There's a song about math on YouTube that has more than 48,000 views.
No, really. There is.
The song, "Slope," was written by James Fleisher, a River Valley High School math teacher. It features him playing the guitar and singing about the algebra equation used in finding the slope of a line.
Fleisher uses his math music to help his students memorize a formula. At any moment, he will grab his guitar and break out in song in the middle of class — all the while kicking his legs and strutting around the room like a young Axl Rose.
"He keeps us entertained," said 16-year-old Kyle Emery, a sophomore in Fleisher's geometry class.
Fleisher, who mostly teaches algebra and geometry, uses his guitar to sing math-inspired tunes like "Trapezoid," "The Distributive Property," "Circles and Squares" and "Of Prisms and Cylinders."

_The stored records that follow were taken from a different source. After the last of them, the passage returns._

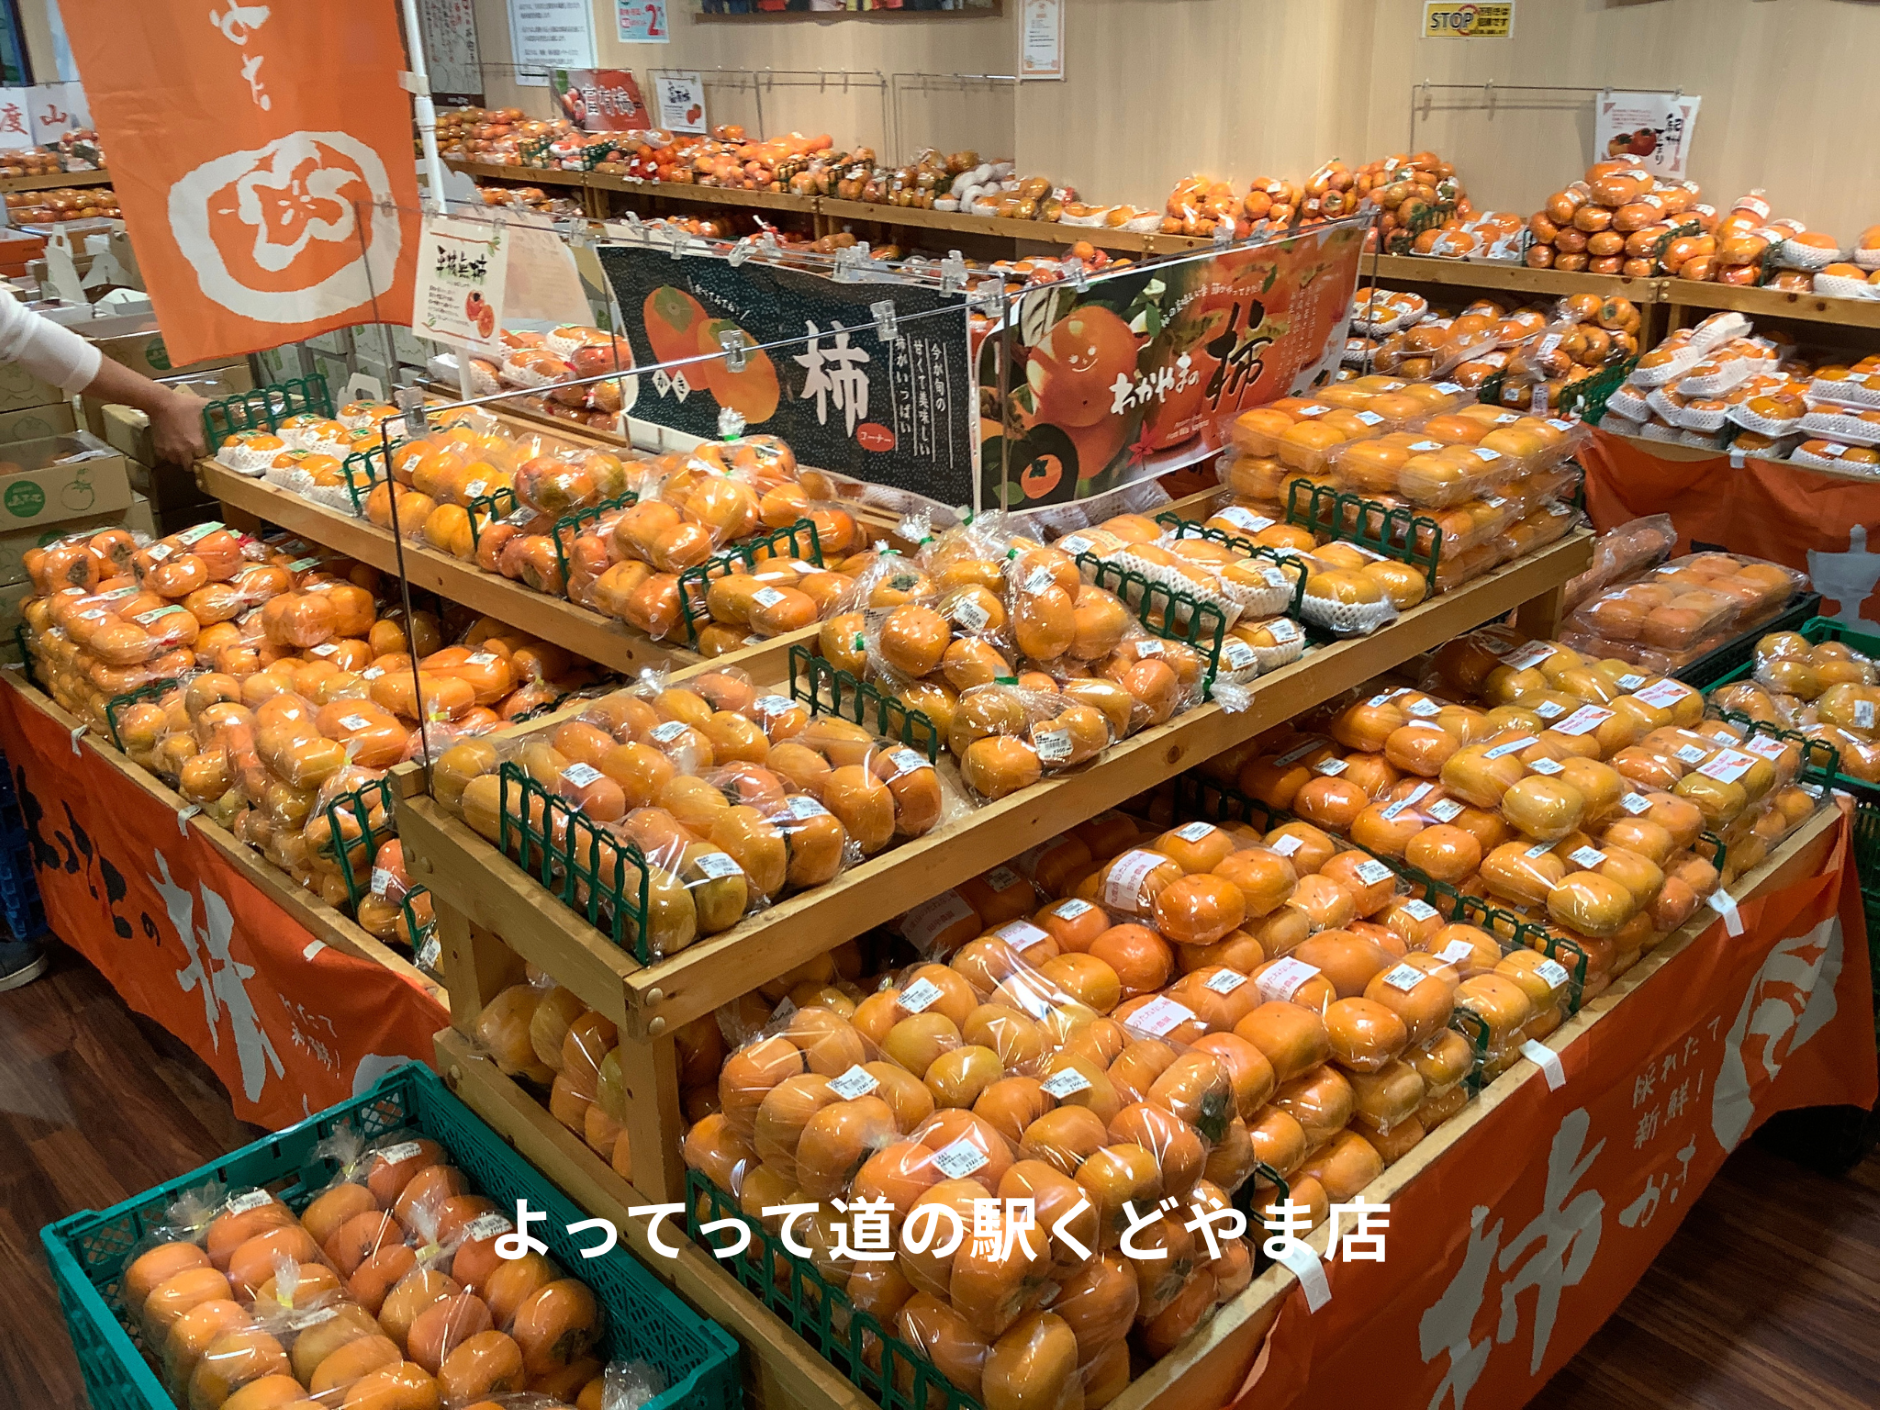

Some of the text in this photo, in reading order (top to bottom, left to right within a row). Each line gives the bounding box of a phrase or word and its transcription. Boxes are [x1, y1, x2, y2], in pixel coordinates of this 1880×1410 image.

[1430, 12, 1474, 30] STOP
[793, 319, 872, 438] 柿
[913, 338, 931, 456] 甘くて美味しい
[930, 343, 947, 413] 今が旬の
[1109, 352, 1200, 416] わかやまの
[1204, 299, 1273, 413] 柿
[860, 431, 892, 444] コーナー
[1418, 1106, 1608, 1410] 柿

The self-proclaimed math rock star said he began playing songs in front of his classes several years ago, when the school wanted its students to get serious about the California Standards Test. Shortly thereafter, he wrote his first song: "We're Going To Ace this Test."
The tune caught on, Fleisher said. The class enjoyed it, so he decided to write a few more.
However, it wasn't until one of Fleisher's friends videotaped him playing "Slope" at home that things really started taking off. Once on YouTube, the song received more attention than Fleisher was expecting.
"It seemed encouraging," he said, "so I thought that was a good sign."
Since then, Fleisher has created more than 30 math songs, some of which are on his website, mathtunes.com, and "Slope" can be found on iTunes.
The inspiration for his music comes from a desire to help youths do better in math, Fleisher said.
"I'd like to think it helps," he said. "Anything to get kids interested in math is what we need to do."
In some ways, parading around the room like a rock star is his way of fulfilling a childhood dream, he said. When Fleisher was 10 years old, he started learning how to play guitar after hearing a song by Guns N' Roses, one of his all-time favorite bands.
He's not playing to sold-out crowds just yet, but he likes to joke about being a rock star with his class.
"This is a big hit in a small island that you'll never hear of," Fleisher said to his class, moments before breaking into one of his math songs. "But it's No. 1 there."
Jessica Graminksi, a 15-year-old sophomore, said her teacher's methods have changed her attitude toward math.
"He's the reason I want to go up to calculus," she said.
Fleisher makes the subject fun, Jessica said. He constantly makes jokes and will often stay late to help students understand the material.
Fleisher said he'd like to play at other schools eventually, and spread his math rock music if it helps students learn.
But on the way, he wouldn't mind becoming the first math rock star.
"Let's rock on with math," he said.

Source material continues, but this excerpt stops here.